Mandzuch v. Affordable Reasonable Rentals, L.L.C.

2019 Ohio 2092
CourtOhio Court of Appeals
DecidedMay 28, 2019
Docket2018-G-0179
StatusPublished
Cited by3 cases

This text of 2019 Ohio 2092 (Mandzuch v. Affordable Reasonable Rentals, L.L.C.) is published on Counsel Stack Legal Research, covering Ohio Court of Appeals primary law. Counsel Stack provides free access to over 12 million legal documents including statutes, case law, regulations, and constitutions.

Bluebook
Mandzuch v. Affordable Reasonable Rentals, L.L.C., 2019 Ohio 2092 (Ohio Ct. App. 2019).

Opinion

[Cite as Mandzuch v. Affordable Reasonable Rentals, L.L.C., 2019-Ohio-2092.]

IN THE COURT OF APPEALS

ELEVENTH APPELLATE DISTRICT

GEAUGA COUNTY, OHIO

SHANNON MANDZUCH, : OPINION

Plaintiff-Appellee, : CASE NO. 2018-G-0179 - vs - :

AFFORDABLE REASONABLE RENTALS, : LLC, : Defendant-Appellant.

Civil Appeal from the Chardon Municipal Court, Case No. 2018 CVI 00287.

Judgment: Affirmed.

Mitchell L. Alperin, 29325 Chagrin Blvd., Suite 305, Pepper Pike, OH 44122 (For Plaintiff- Appellee).

Donald Gallick, 190 North Union Street, Suite 102, Akron, OH 44304 (For Defendant- Appellant).

TIMOTHY P. CANNON, J.

{¶1} Appellant, Affordable Reasonable Rentals, LLC (“ARR”), appeals a

judgment in the Chardon Municipal Court, Geauga County, in favor of appellee, Shannon

Mandzuch, (“Mandzuch”) for an unreturned security deposit, statutory damages, and

attorney fees. We affirm the trial court’s judgment.

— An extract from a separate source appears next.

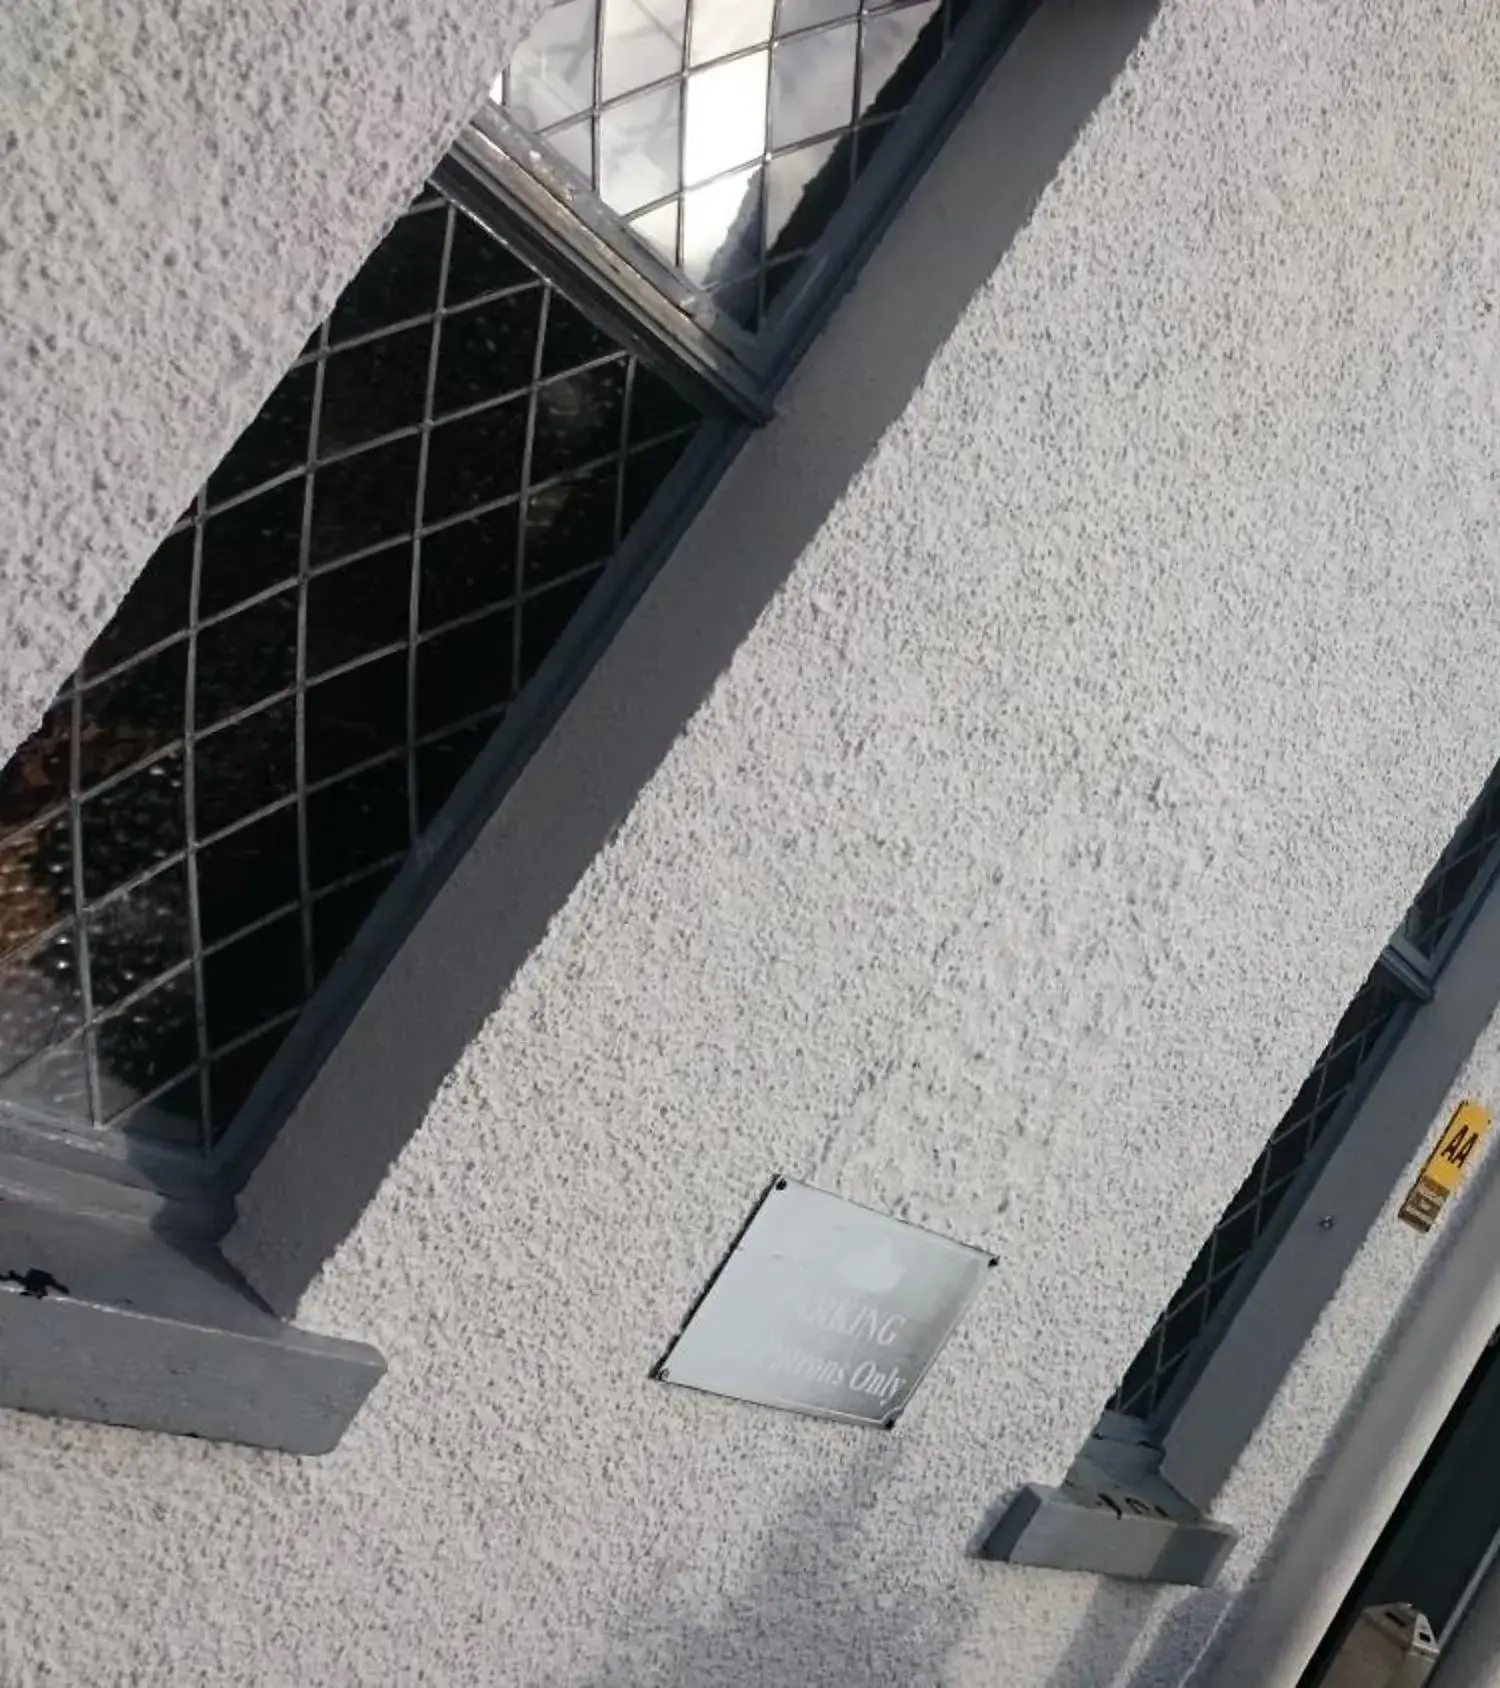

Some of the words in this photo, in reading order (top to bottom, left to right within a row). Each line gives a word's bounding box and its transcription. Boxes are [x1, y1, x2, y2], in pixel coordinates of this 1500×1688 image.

[1440, 1123, 1479, 1169] AA
[797, 1293, 907, 1346] RKING
[849, 1359, 907, 1406] Only

{¶2} The facts leading up to the dispute between the parties are simple and

straightforward. In August 2016, Mandzuch entered into a one-year lease with ARR for the property located at 201 Hilltop Drive, Chardon, Ohio. Pursuant to the lease,

Mandzuch provided a security deposit in the amount of $950.00. At the conclusion of the

lease, ARR kept the security deposit without explanation. After multiple attempts to

contact ARR’s owner, Joseph Ernst (“Ernst”), Mandzuch retained counsel and filed suit

in small claims court for the recovery of her security deposit, as well as for statutory

damages under the “Landlord Tenant Act,” codified in R.C. 5321 et seq., and reasonable

attorney fees as provided under the statute.

{¶3} The complaint was filed on April 18, 2018, and a trial on the matter was set

for May 24, 2018. On May 18, 2018, ARR, through Ernst, filed a motion to continue the

trial, which was granted. The trial was reset for June 7, 2018.

{¶4} On May 31, 2018, ARR filed a counterclaim and raised a litany of damages

allegedly caused by Mandzuch. The counterclaim sought $2,000.00 for the damages.

{¶5} On June 6, 2018, Ernst filed a second motion to continue the trial set for the

next day and presented the court with a doctor’s note indicating that he was ill. The trial

court granted the continuance, and the trial was held on June 14, 2018. Present at the

trial were Mandzuch, Ernst, and a witness for Mandzuch who was sworn in and identified

as Christopher Bray (“Bray”).

{¶6} Mandzuch testified that she was a tenant of ARR and had not received her

security deposit—or any explanation whatsoever regarding it—after her lease ended in

August 2017. She also claimed that the allegations contained in the counterclaim were

false and that many of the damages alleged in the counterclaim existed prior to the time

she took over occupancy. Further, Mandzuch testified that a walkthrough of the residence

occurred on August 31, 2017, at which Ernst indicated that “everything looked great” and

2 she would receive her full security deposit within 30 days. Bray claimed that he was

present during the walkthrough and also corroborated some of Mandzuch’s testimony

about the preexistence of damages and the condition of the residence during the

walkthrough.

{¶7} Mandzuch also testified regarding her attempts to contact Ernst. In addition

to providing a forwarding address at the time of the walkthrough, Mandzuch claimed that

she called, texted, and visited Ernst’s business on multiple occasions, but she was unable

to get in contact with him. Thereafter, she sent him a certified letter dated November 23,

2017, which was signed for at Ernst’s business in Chardon. Additionally, Mandzuch’s

counsel sent a demand letter to the same address dated March 2, 2018. Ernst did not

respond to any of these attempts to contact him.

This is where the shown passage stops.